La madre era in stato di choc, con tagli sulle braccia, compatibili con un tentativo di suicidio. È stata soccorsa dai sanitari e trasportata all’ospedale di Cattinara. Su disposizione dell’autorità giudiziaria, dopo le cure sarà trasferita alla Casa circondariale di Trieste.

Secondo le prime ricostruzioni, la donna avrebbe utilizzato un coltello da cucina per uccidere il figlio, per poi tentare di togliersi la vita.

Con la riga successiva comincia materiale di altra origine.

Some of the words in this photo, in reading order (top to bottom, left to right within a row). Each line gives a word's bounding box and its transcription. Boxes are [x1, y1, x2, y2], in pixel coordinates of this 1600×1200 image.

La coppia era separata da anni e seguita dai servizi sociali del Comune di Muggia e dal tribunale per i minorenni. Il bambino viveva con il padre, ma da poco la madre aveva ottenuto il permesso di incontrarlo senza la presenza degli educatori. La donna era inoltre in carico al Centro di salute mentale, come confermato dalle autorità. La situazione familiare era considerata complessa, ma, secondo chi seguiva il caso, non c’erano segnali di pericolo imminente.

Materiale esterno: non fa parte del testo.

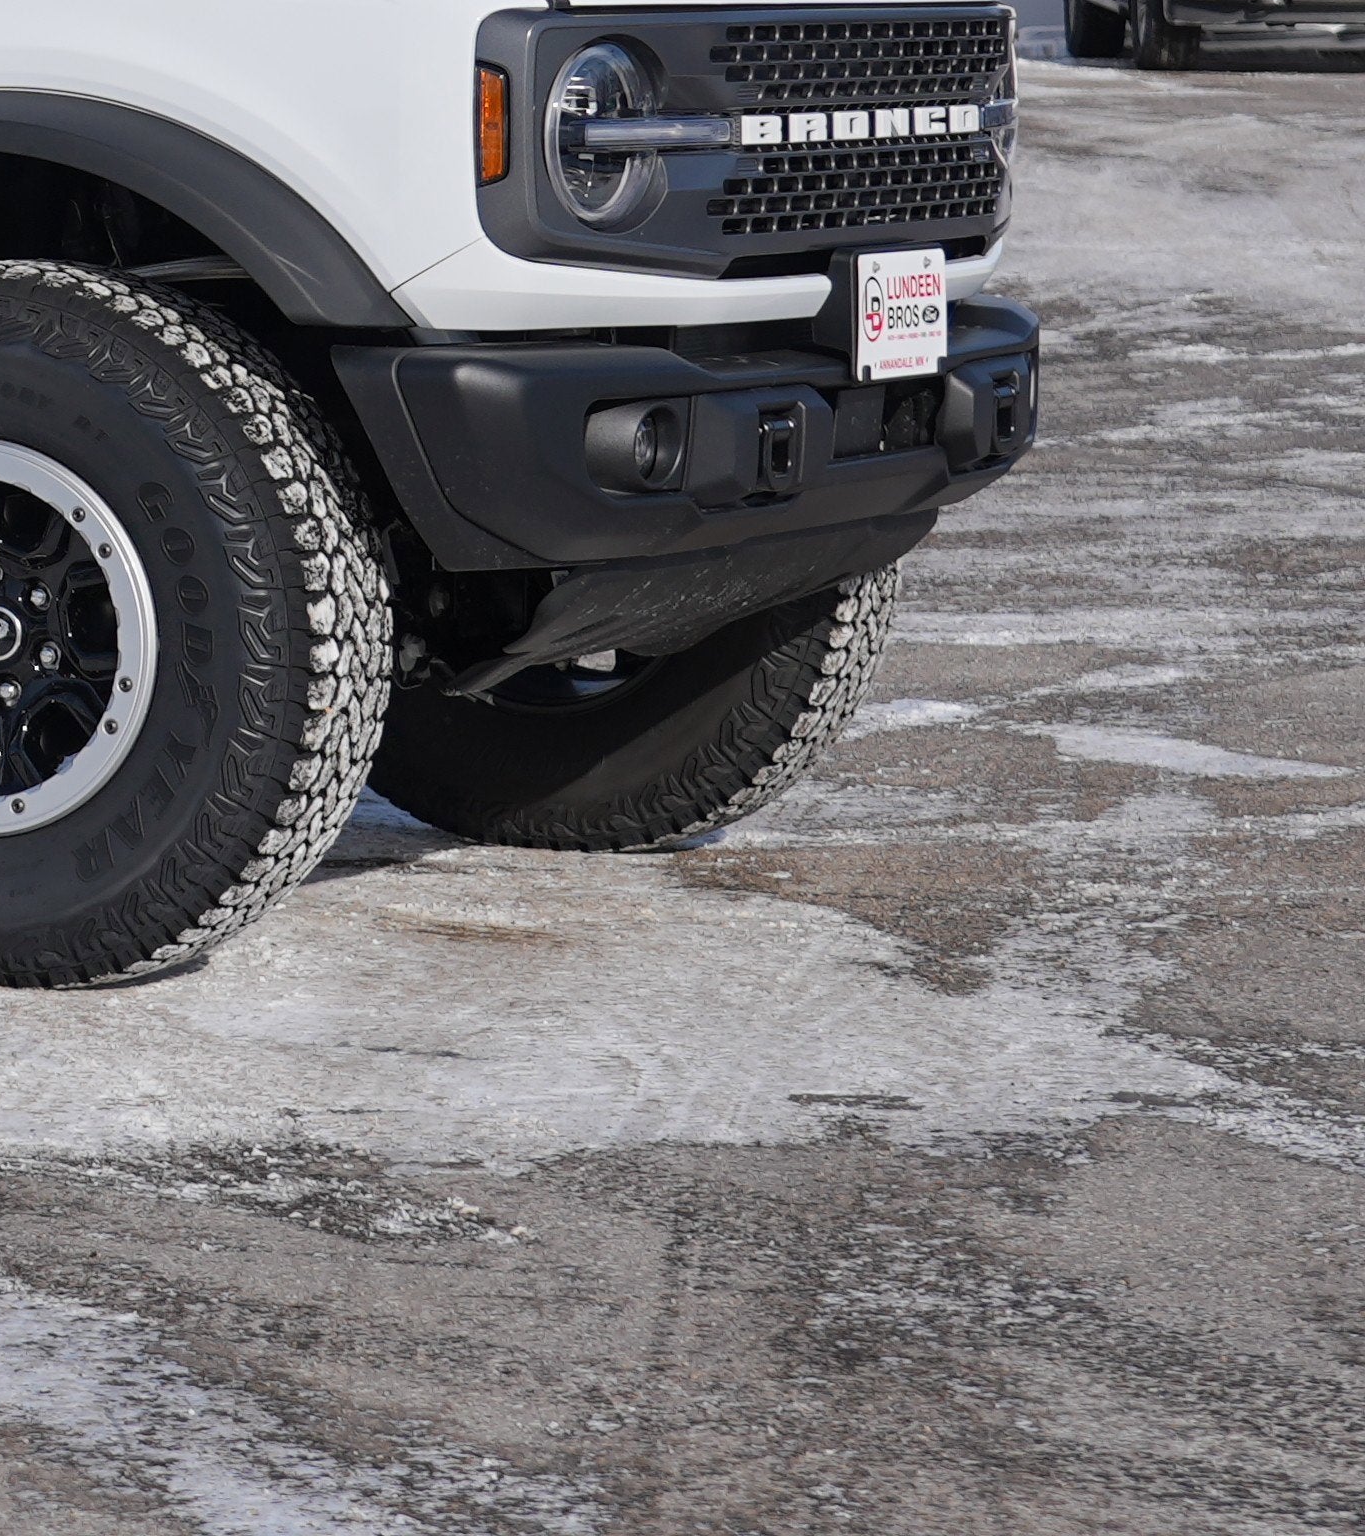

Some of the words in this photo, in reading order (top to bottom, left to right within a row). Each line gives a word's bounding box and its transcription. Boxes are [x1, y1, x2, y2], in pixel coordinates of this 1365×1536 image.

[740, 104, 980, 146] BRONCO
[886, 273, 941, 300] LUNDEEN
[887, 304, 920, 330] BROS
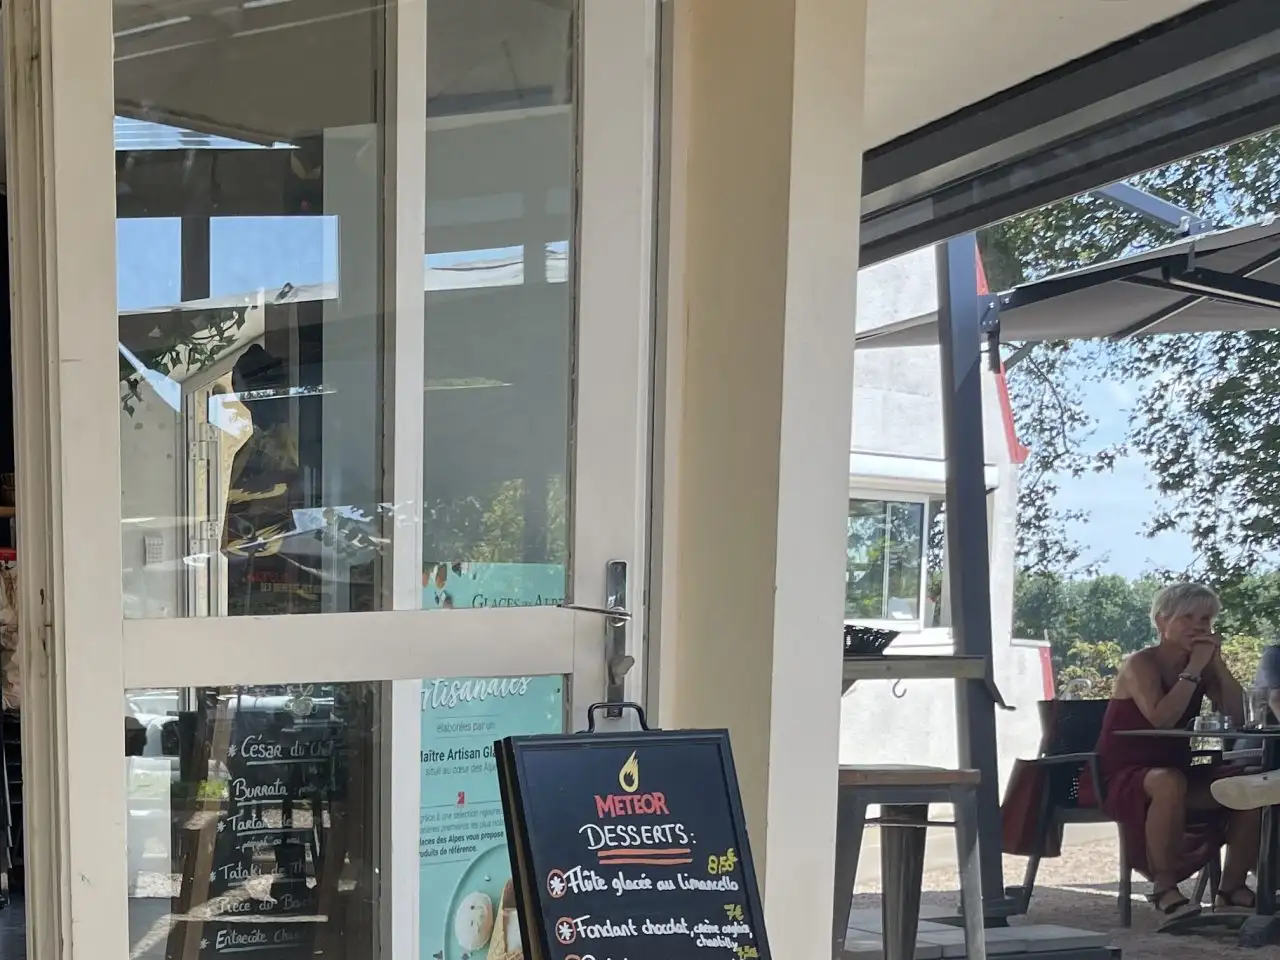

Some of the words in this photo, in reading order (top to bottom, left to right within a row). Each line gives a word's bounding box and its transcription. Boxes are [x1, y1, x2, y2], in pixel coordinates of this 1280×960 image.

[447, 747, 481, 762] Artisan
[594, 791, 669, 818] METEOR
[563, 865, 609, 894] Flûte
[611, 872, 653, 896] glacée
[656, 878, 676, 892] au
[572, 914, 638, 939] Fondant

Il piccolo frequentava il quarto anno della scuola elementare slovena di Muggia ed era molto conosciuto in paese. Il sindaco di Muggia, Paolo Polidori, ha dichiarato che la comunità è sotto choc: «La situazione era seguita da quando è nato il bambino, era difficile ma sembrava non un dramma. Ho appena proclamato il lutto cittadino e non sappiamo ancora se durerà uno o tre giorni. Davvero una tragedia immane per tutta la comunità». Polidori ha aggiunto che il Comune si sta attivando per offrire sostegno psicologico ai compagni di classe del bambino e alla scuola che frequentava. «A mezzogiorno abbiamo organizzato un picchetto con la Polizia Locale con un minuto di raccoglimento, per dimostrare la più forte solidarietà al padre, ai compagni di classe e alla squadra di calcio». In questi giorni, a Muggia si stava preparando la Sagra di San Martino, ma «ovviamente si toglieranno tutte le parti di inaugurazione».

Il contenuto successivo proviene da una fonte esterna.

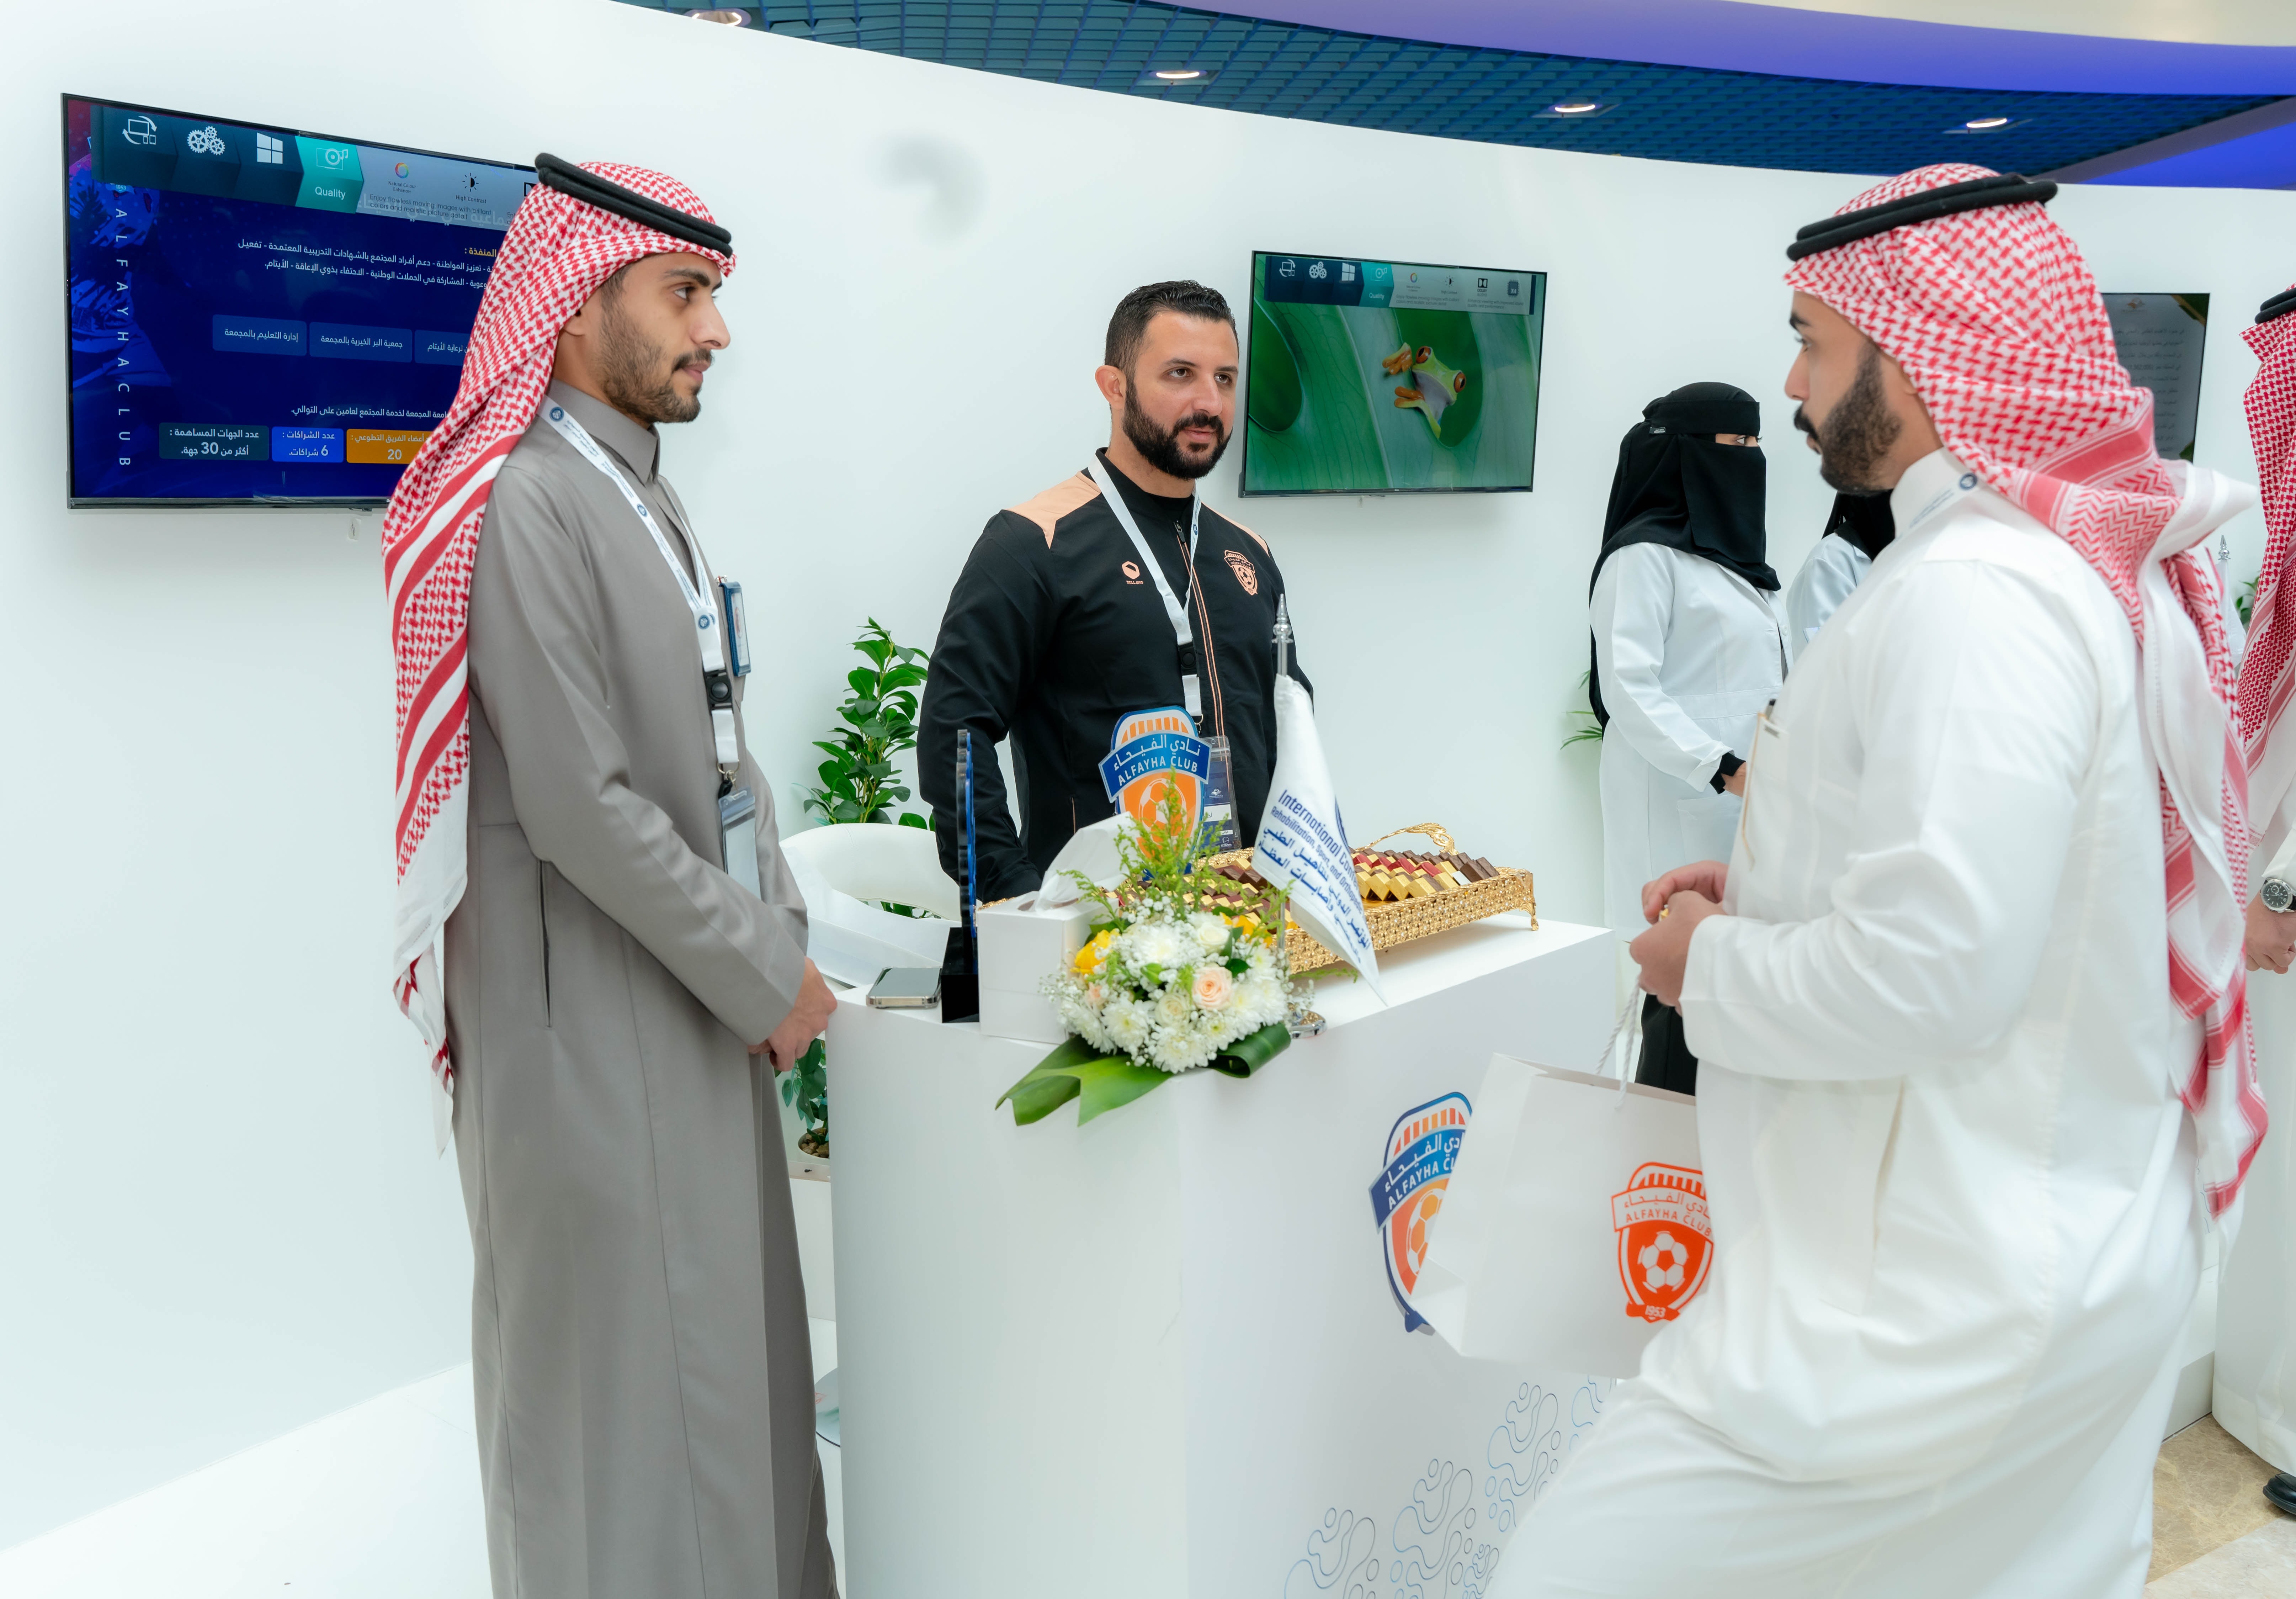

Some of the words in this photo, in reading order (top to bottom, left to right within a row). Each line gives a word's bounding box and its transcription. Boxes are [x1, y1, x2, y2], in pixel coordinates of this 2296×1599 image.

[315, 186, 346, 200] Quality
[370, 194, 386, 202] Enjoy
[388, 196, 411, 205] flawless
[413, 200, 435, 209] moving
[436, 202, 458, 211] images
[472, 207, 491, 216] brillant
[404, 206, 426, 214] realistic
[238, 239, 262, 249] تفعيل
[269, 243, 302, 253] المعتمدة
[304, 246, 332, 256] التدريبية
[333, 249, 369, 261] بالشهادات
[468, 247, 496, 257] المنفذة
[265, 259, 288, 269] الأيتام.
[371, 255, 396, 263] المجتمع
[398, 254, 415, 264] أفراد
[416, 260, 431, 268] دعم
[295, 262, 318, 273] الإعاقة
[437, 260, 464, 270] المواطنة
[466, 264, 482, 272] تعزيز
[320, 266, 338, 275] بذوي
[340, 266, 364, 276] الاحتفاء
[371, 270, 395, 280] الوطنية
[396, 272, 421, 281] الحملات
[423, 276, 435, 285] في
[436, 276, 464, 286] المشاركة
[470, 280, 487, 289] وعوية
[1369, 292, 1385, 301] Quality
[224, 328, 255, 338] بالمجمعة
[257, 330, 281, 341] التعليم
[283, 332, 298, 343] إدارة
[321, 335, 349, 345] بالمجمعة
[351, 337, 371, 346] الخيرية
[372, 339, 382, 347] البر
[383, 339, 403, 349] جمعية
[427, 342, 446, 352] الأيتام
[447, 344, 463, 353] لرعاية
[291, 405, 318, 415] التوالي.
[336, 407, 358, 416] لعامين
[359, 408, 384, 418] المجتمع
[406, 409, 431, 419] المجمعة
[175, 428, 215, 437] المساهمة
[217, 429, 243, 440] الجهات
[287, 430, 319, 440] الشراكات
[408, 433, 424, 442] أعضاء
[355, 434, 384, 443] التطوعي
[386, 434, 406, 443] الفريق
[181, 446, 198, 457] جهة.
[201, 442, 218, 455] 30
[220, 448, 232, 456] من
[234, 444, 249, 457] أكثر
[289, 448, 318, 457] شراكات.
[321, 445, 329, 456] 6
[387, 449, 402, 460] 20
[1170, 738, 1201, 756] نادي
[1114, 734, 1167, 771] الفيحاء
[1118, 756, 1166, 787] ALFAYHA
[1170, 756, 1198, 773] CLUB
[1278, 789, 1342, 857] International
[1263, 827, 1296, 849] الطبي
[1271, 806, 1315, 848] Rehabilitation,
[1316, 844, 1330, 868] Sport,
[1329, 864, 1342, 880] and
[1329, 885, 1351, 916] الدولي
[1346, 918, 1371, 950] المؤتمر
[1385, 1133, 1442, 1193] الفيحاء
[1388, 1161, 1439, 1210] ALFAYHA
[1443, 1157, 1455, 1171] CL
[1624, 1192, 1684, 1208] الفيحاء
[1686, 1202, 1710, 1219] ادي
[1626, 1209, 1678, 1223] ALFAYHA
[1683, 1214, 1712, 1236] CLUB
[1645, 1305, 1666, 1318] 1953

Anche il parroco della diocesi di Trieste, don Andrea Destradi, conosceva bene la famiglia, «o almeno si vorrebbe chiamarla così, perché era una situazione davvero molto complicata». Il sacerdote ha raccontato all’AdnKronos di aver visto il padre del bambino la sera stessa, poco prima che si scoprisse la tragedia: «L’ho visto in piazza Marconi a Muggia verso le 21.30. Non mi sono fermato a parlare con lui perché era al telefono e stava cercando di mettersi in contatto con la mamma che non rispondeva. In casa non rispondeva nessuno». Don Destradi ha aggiunto: «L’ultima volta che ho visto il padre con il figlio è stata sabato sera, a messa. I due coniugi erano separati da molti anni e solo di recente la donna, di origini ucraine, aveva avuto la possibilità di rivedere il bambino senza gli educatori». Sulle condizioni della madre, ha detto: «Aveva molte fragilità. Veniva spesso da me in parrocchia a chiedere aiuto. Voleva una casa, un lavoro, ma noi, che come parrocchia aiutiamo un sacco di gente, non riuscivamo ad affrontare queste problematiche che erano di tipo medico, non bastava trovare un impiego».